Very few users unfortunately, guess I'll work on advertising after the iOS version is done -_-
I wonder of LTE Direct, which goes up to 500m would help that, but I'm worried the carriers will be able to control it somehow, which will make it kind of pointless in terms of decentralizing the technology.
I'm also very disappointed in the Wi-Fi Alliance for not creating a better long-distance Wi-Fi. That's its future right there - disrupting cellular, and getting more people to prefer Wi-Fi over cellular. But that's only going to happen if we can easily create "mesh networks" across the country.
Slight (http://slight.la) is one way of leaving messages in a location; those running the app receive a notification when new messages are left nearby.
I believe an accounts basically stores your public key on their servers, so other people can verify with FireChat who it is that sent the message.
In an offline context, you'd be able to get a lot of messages and tell that it's the same person talking, but you'll have no way to see whether that really is the person or not. FireChat's public key servers allow those with access to see- according to FireChat- who is talking.

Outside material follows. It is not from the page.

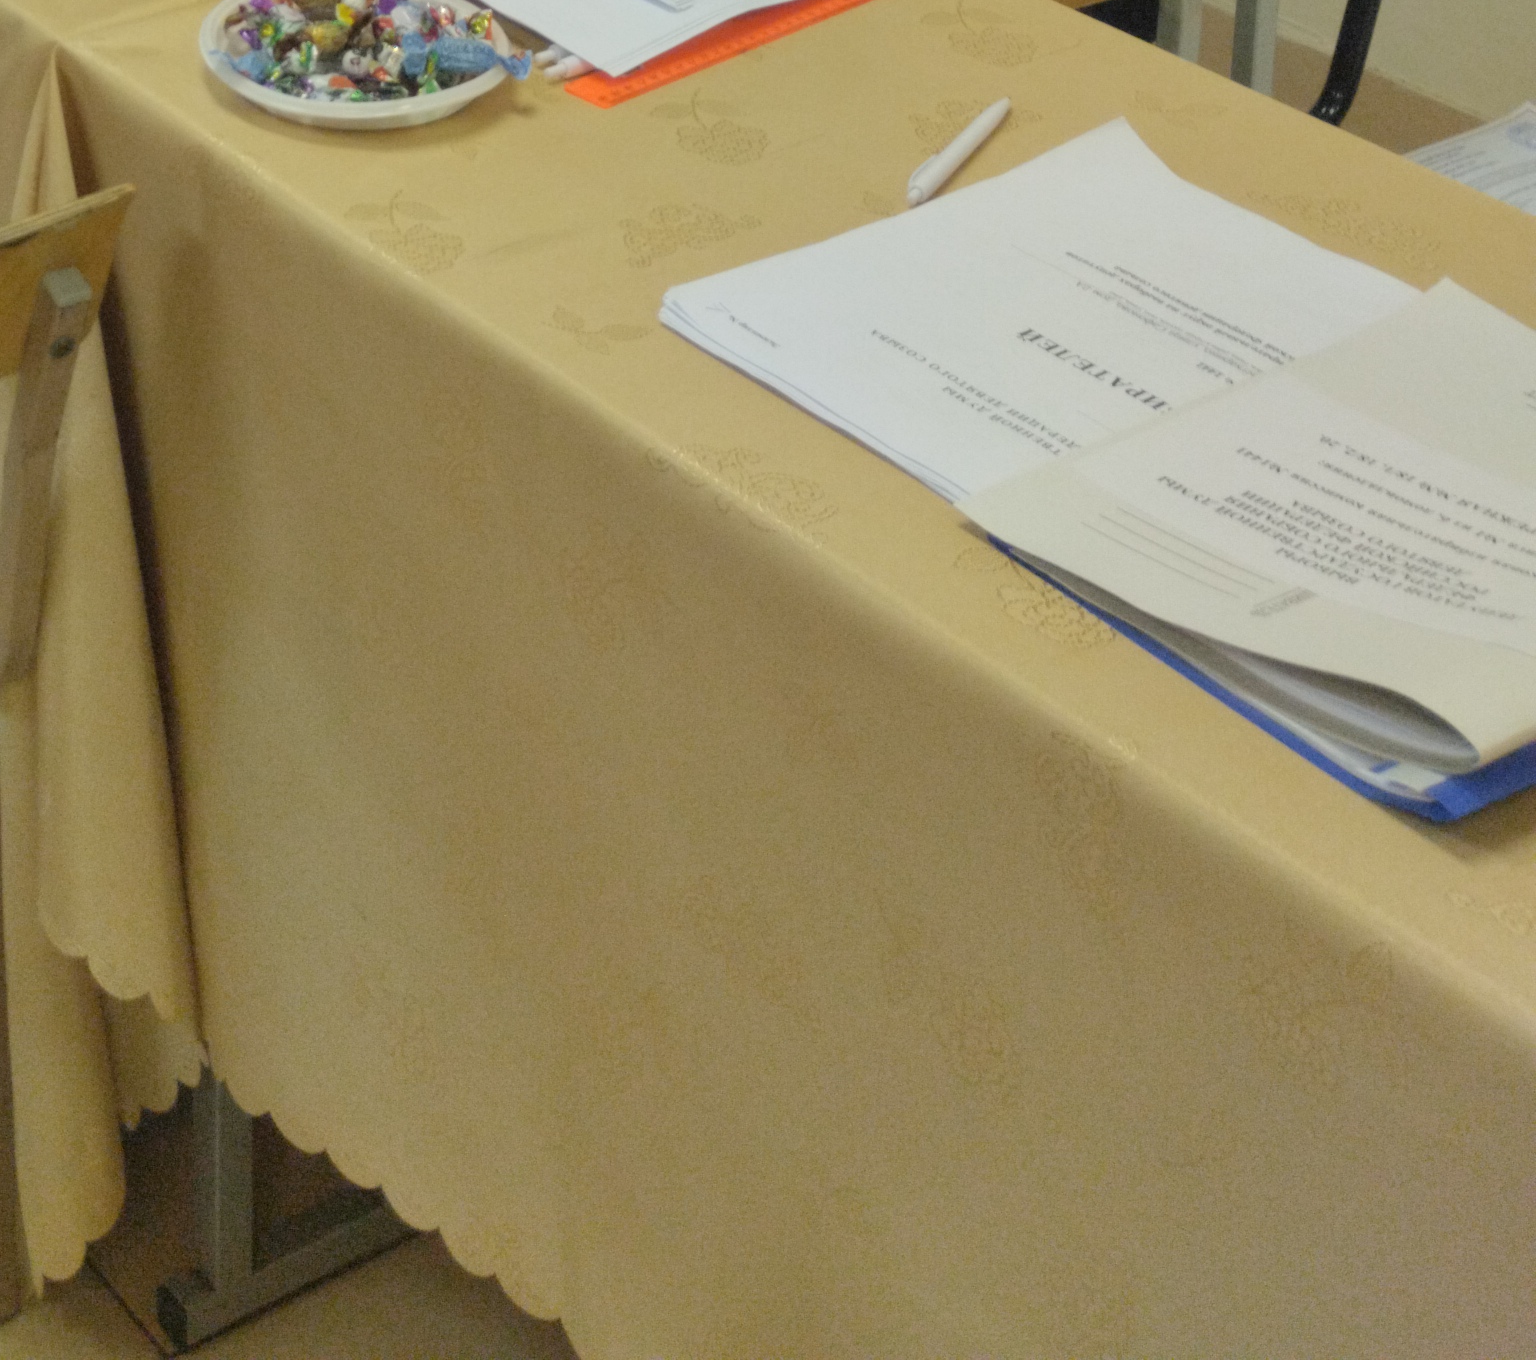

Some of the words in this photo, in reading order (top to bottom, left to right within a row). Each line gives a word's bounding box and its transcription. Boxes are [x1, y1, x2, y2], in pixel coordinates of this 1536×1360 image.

[871, 329, 926, 362] СОЗЫВА
[929, 363, 1005, 407] ДЕВЯТОГО
[942, 386, 987, 412] ДУМЫ

How are you supposed to verify with FireChat who sent the message when you don't have an internet connection though? Are you supposed to route your (presumably encrypted) request through other (presumably connected) phones? What's the point of requiring an account when the their entire selling point is that you can use the app in places with no internet access at all, like the wilderness?
This is easy to implement using cryptography. E.g. when firechat assigns a username, they sign your certificate for said username using their key.

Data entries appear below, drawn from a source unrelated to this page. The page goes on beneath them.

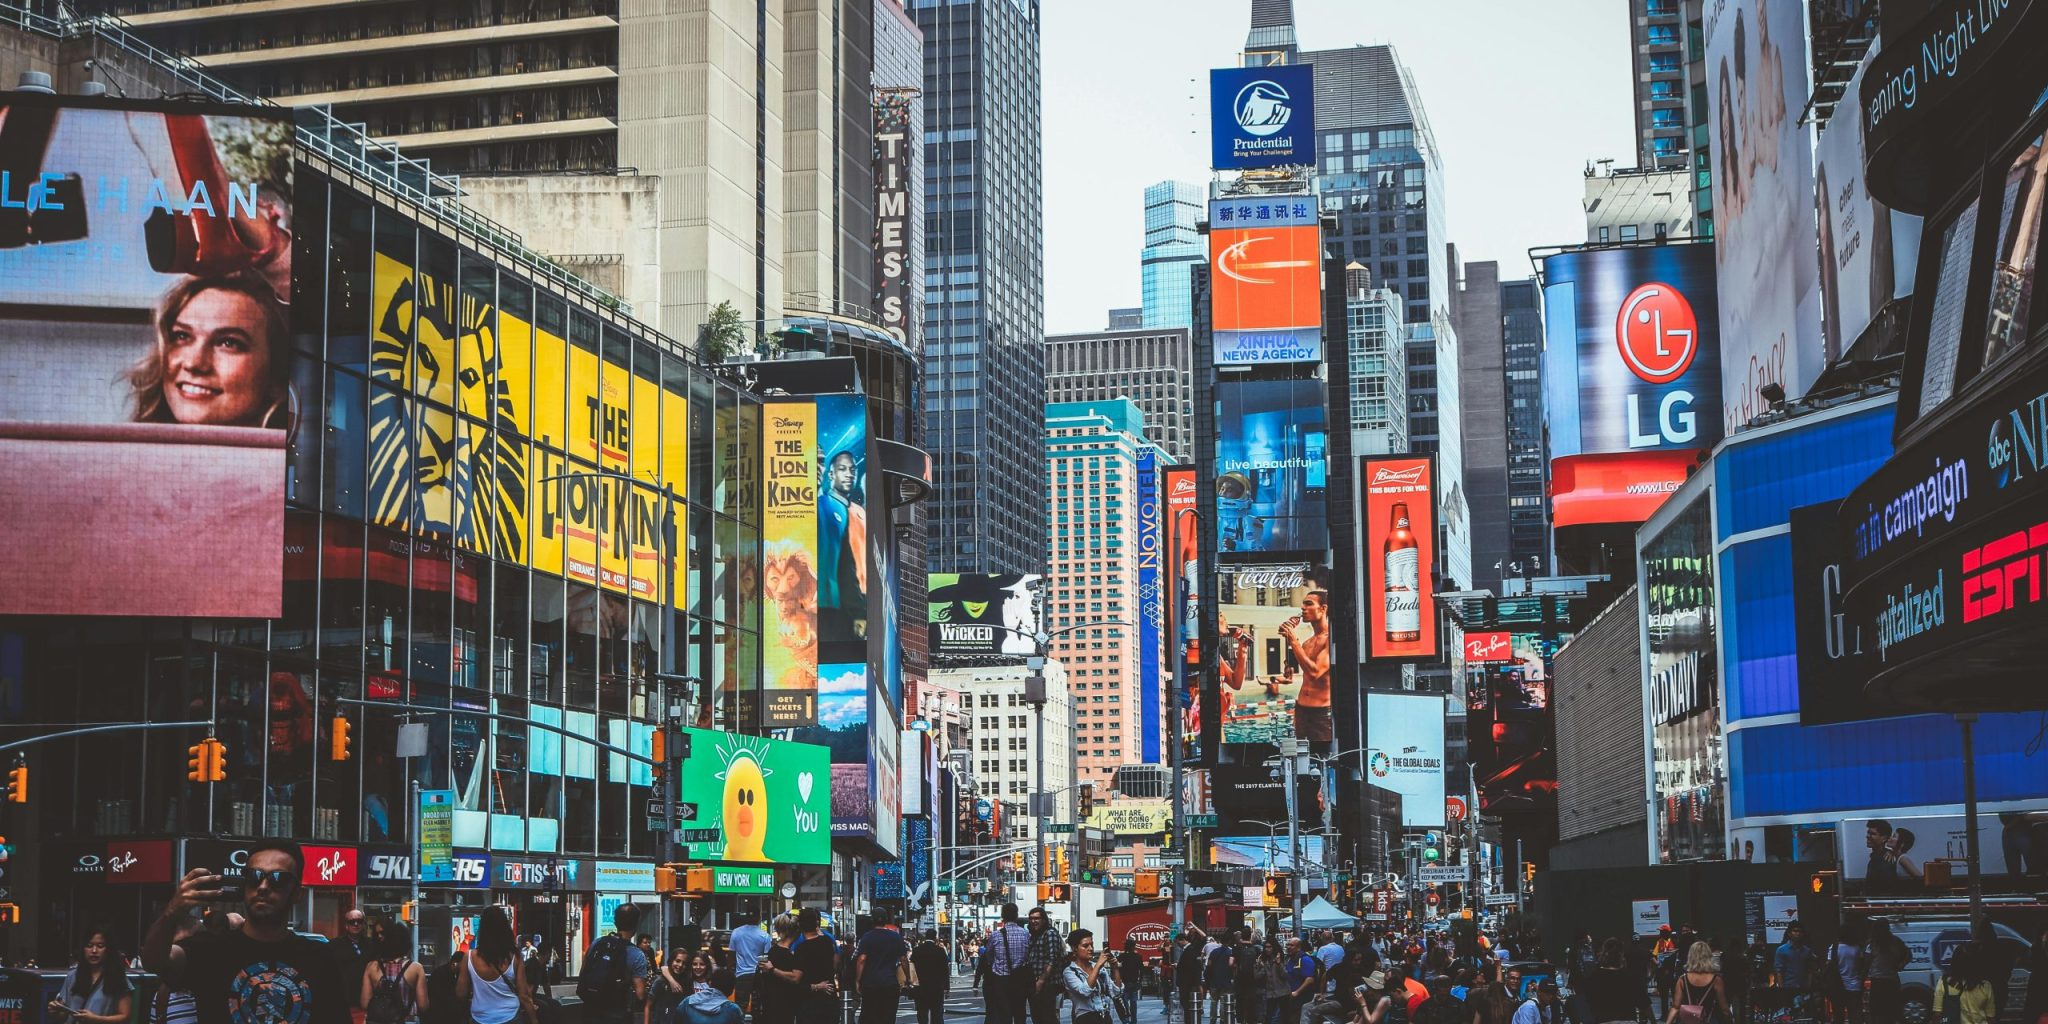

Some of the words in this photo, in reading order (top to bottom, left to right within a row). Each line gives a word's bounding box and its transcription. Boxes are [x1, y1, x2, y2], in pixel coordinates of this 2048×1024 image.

[1922, 9, 1976, 83] Night
[1233, 137, 1292, 149] Prudential
[97, 176, 258, 219] HAAN
[879, 133, 904, 278] TIMES
[1219, 203, 1307, 221] 新华通讯社
[1839, 231, 1860, 271] future
[1237, 335, 1299, 349] XINHUA
[1223, 350, 1259, 361] NEWS
[1261, 348, 1314, 360] AGENCY
[586, 395, 628, 453] THE
[772, 416, 803, 429] Disney
[1627, 390, 1696, 448] LG
[774, 441, 802, 453] THE
[1988, 436, 2011, 469] abc
[770, 456, 808, 479] LION
[1225, 458, 1250, 470] Live
[1254, 457, 1312, 469] beautiful
[1177, 481, 1196, 491] Bud
[1376, 471, 1420, 481] Budweiser
[541, 435, 608, 539] LION
[767, 481, 813, 507] KING
[1383, 486, 1402, 494] BUD'S
[1869, 503, 1881, 552] in
[1884, 456, 1968, 541] campaign
[1137, 466, 1157, 569] NOVOTEL
[569, 559, 596, 578] ENTRANCE
[602, 569, 611, 582] ON
[613, 572, 626, 586] 45TH
[631, 578, 648, 592] STREET
[1237, 569, 1303, 589] Coca-Cola
[1386, 596, 1420, 612] Bud
[1467, 635, 1508, 657] Ray-Ban
[1649, 670, 1669, 727] OLD
[1670, 650, 1699, 719] NAVY
[1392, 757, 1403, 767] THE
[1403, 758, 1423, 768] GLOBAL
[1423, 758, 1441, 768] GOALS
[849, 823, 868, 831] MAD
[1129, 822, 1153, 830] THERE?
[1186, 816, 1193, 825] W
[1196, 816, 1207, 825] 44
[686, 831, 694, 841] W
[698, 831, 708, 841] 44
[108, 851, 138, 873] Ray-Ban
[223, 867, 242, 876] OAK
[317, 851, 346, 881] Ray-Ban
[523, 863, 568, 884] TISST
[717, 873, 733, 887] NEW
[733, 873, 750, 887] YORK
[758, 874, 772, 887] LINE
[1377, 890, 1386, 911] tkts

Then, when sending messages, they have to be signed with your key (or outright encrypted), and the receiver verifies the key is correctly signed using firechat's key.
Don't know if it's anonymous or encrypted (is that is even possible?) but other then Firechat (and most other apps linked here until now) it's Open Source.
Would love to know what someone with a more technical expertise than me thinks about this.
There is an XMPP standard for link-local messaging. It's supported in Empathy through the telepathy-salut library. In other words, it's installed by default on Ubuntu (though you need to turn it on) and presumably other distributions.
It'd be nice to see mobile apps supporting this standard, too.
I downloaded this a few months back hoping that in NYC there would be enough user density to make it useful, but it seems I was too early. Interesting use case that protesting would be using it.
Would definitely be interesting to see it being used for entertainment purposes. But it appears its a "last resort" kind of app, especially with Hong Kong's situation.
If people are growing more and more concerned with privacy that could be the nudge. Or if they offered something standard SMS cannot (speed, feature, etc.)
A couple months ago I installed this on two devices and could not get it to work off-net nor did I see a good description of how it is supposed to work in that case. I assume Wi-Fi and Bluetooth on but not connected to an access point.
Is there something similar that is based on Wifi connections instead of bluetooth? Wouldn't that offer a greater range?
Edit: Nevermind, the article explains that firechat does in fact use Wifi in addition to Bluetooth to transmit messages:
From the first IP, I understand that Firechat is also looking to create bond
between WiFi device. It periodically sends UDP packet to the multicast
address 239.192.0.0 and will also forward message just as it does with
bluetooth. So not only every message sent are forwarded by bluetooth, they
are also forwarded by WiFi !
I don't like Firechat requiring a signup, but the facts of what is required should not be confused. Pseudonymous use appears to be accepted.